◆ **Task directions**:
Any pictures in the records below should be skipped; write out everything else exactly.

◆ **Records provided**:
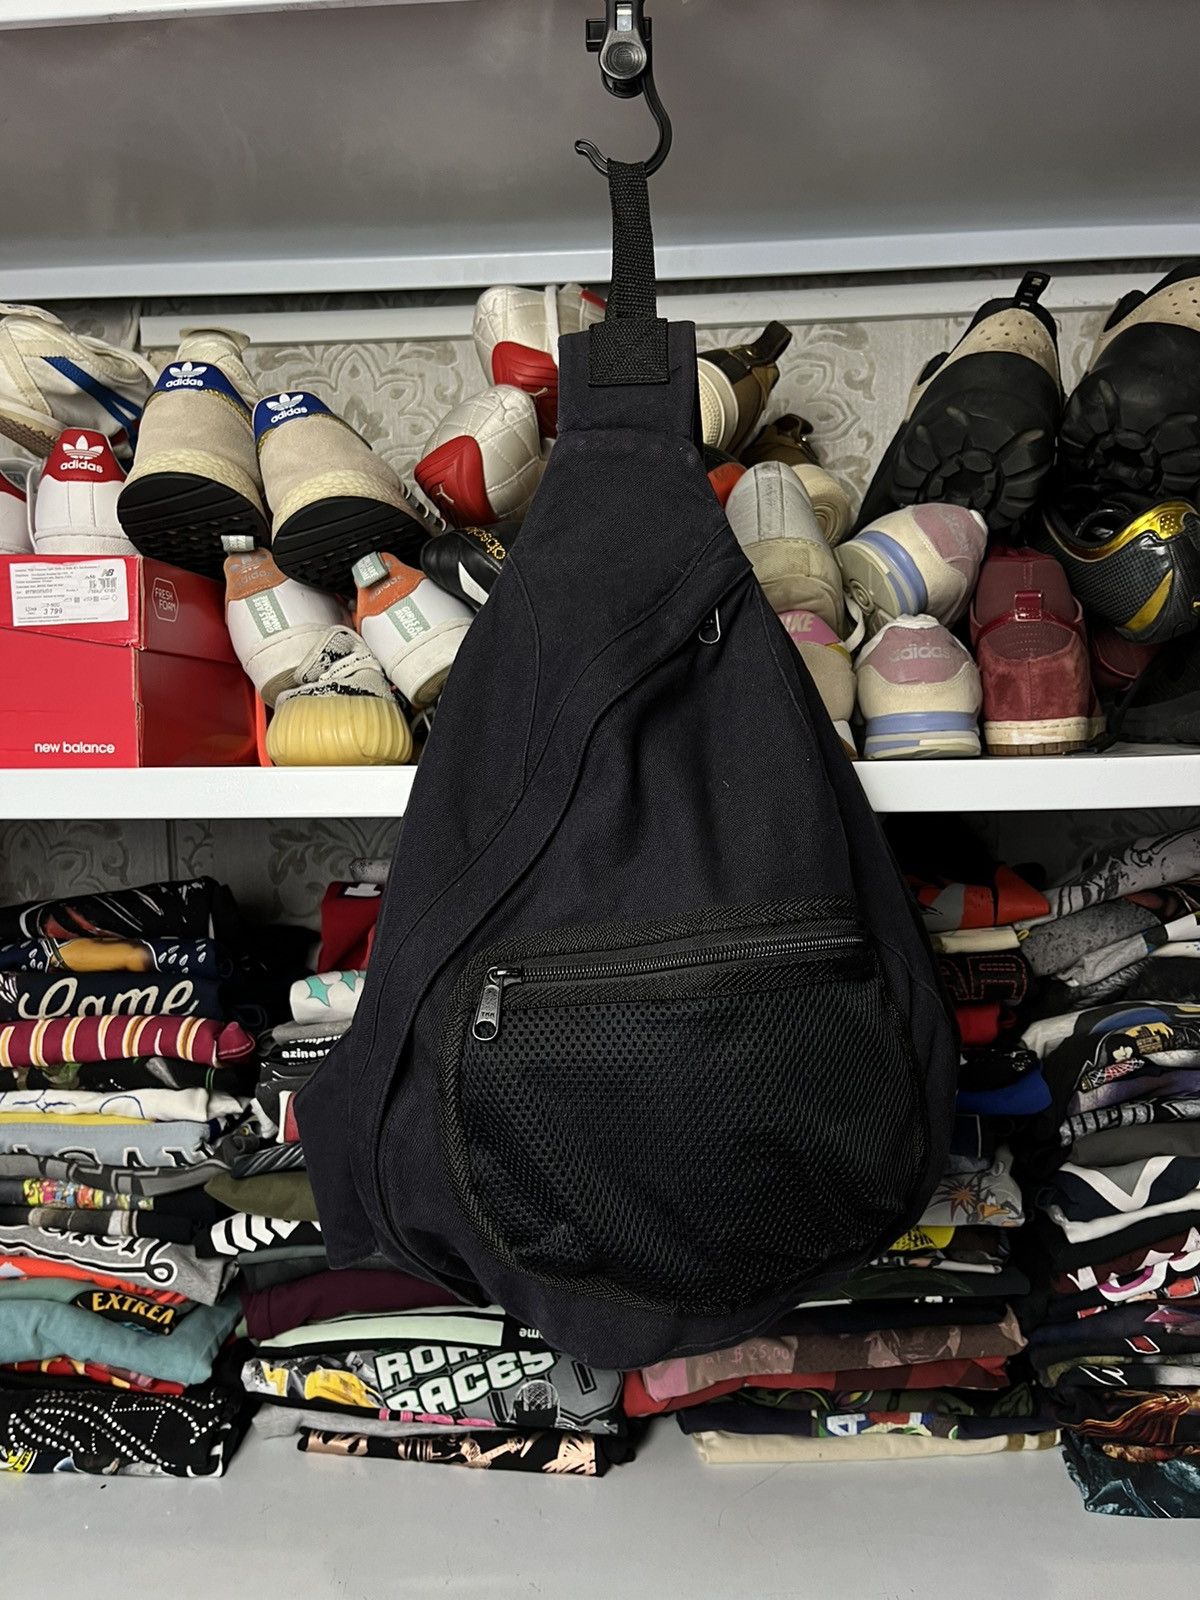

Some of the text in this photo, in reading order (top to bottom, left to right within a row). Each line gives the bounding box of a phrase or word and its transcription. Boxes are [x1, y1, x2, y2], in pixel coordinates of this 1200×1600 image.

[165, 377, 204, 388] adidas
[271, 406, 308, 423] adidas
[60, 461, 103, 474] adidas
[154, 587, 174, 600] FRESH
[159, 599, 176, 611] FOAM
[34, 741, 115, 754] new balance

◆ **Answer space**:
Some of the text in this photo, in reading order (top to bottom, left to right within a row). Each line gives the bounding box of a phrase or word and its transcription. Boxes are [x1, y1, x2, y2], in pixel coordinates of this 1200×1600 image.

[165, 377, 204, 388] adidas
[271, 406, 308, 423] adidas
[60, 461, 103, 474] adidas
[154, 587, 174, 600] FRESH
[159, 599, 176, 611] FOAM
[34, 741, 115, 754] new balance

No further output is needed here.